E’ difficile spiegarlo, è impossibile far capire cosa abbiamo provato in quel momento. Ma su una cosa sono sicuro. Ci siamo lasciati trascinare. Abbiamo vissuto un weekend di emozioni. Ma soprattutto ho capito una cosa. Spiegare una situazione simile ad un esterno è impossibile, inutile e quasi irrispettoso. Viceversa, l’ascolto, il non pregiudizio, il non domandare perchè si facciano ancora determinate cose ma il vivere, il semplice banale emozionante vivere l’esperienza. Questa è l’unica cosa che conta.

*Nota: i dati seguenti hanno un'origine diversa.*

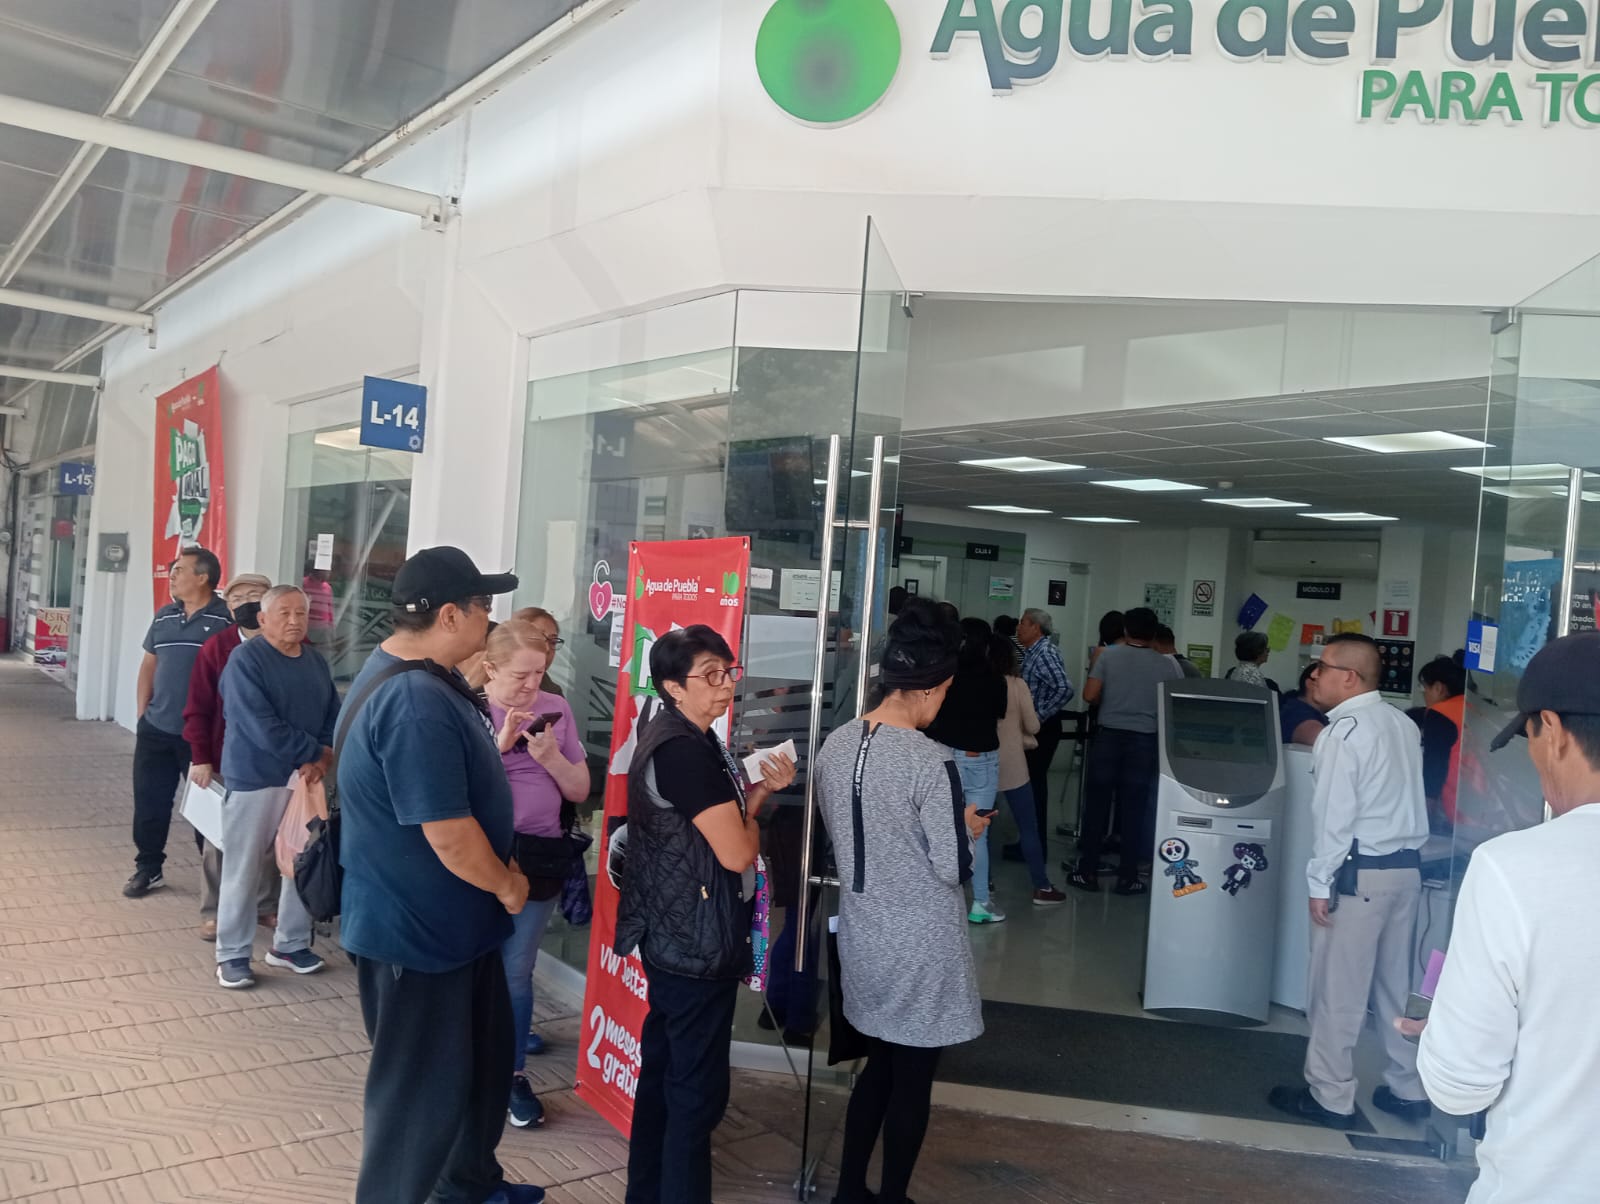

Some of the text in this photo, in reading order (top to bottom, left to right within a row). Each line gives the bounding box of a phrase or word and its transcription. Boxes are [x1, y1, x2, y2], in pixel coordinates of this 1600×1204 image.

Nessuna domanda razionale. Ci sono momenti che nella vita vanno vissuti. Punto. Senza avere la pretesa di capirli, senza avere la presunzione di giudicarli. Il valore che queste persone danno al palio non va analizzato dal fatto che si prendono a botte durante il palio, o che il legame con il cavallo è quasi al pari dell’amore per una donna. Ripeto, l’errore non lo commettono loro, lo sbaglio piu grande è fatto da chi si pone il dubbio. Da chi critica e giudica.

Senza sapere che dal 1600 e forse anche prima in questa città si vive solo di questo, senza sapere che il Palio smuove una città intera, ma anche l’economia di una regione. Senza ricordare che “i cavalieri si possono vendere i pali, ma i cavalli no”, senza riflettere che il cavallo è ciò che di piu importante una contrada possa volere.

Ho scritto sicuramente male questo articolo, ma l’ho composto nella stessa maniera in cui l’ho vissuto. Trascinato. Dalle emozioni, dalle sensazioni di gioia, di stupore, di amore che provo nei confronti di chi da secoli porta avanti. E dall’irrefrenabile voglia che arrivi il 2016, per tornare a vivere di emozioni uniche.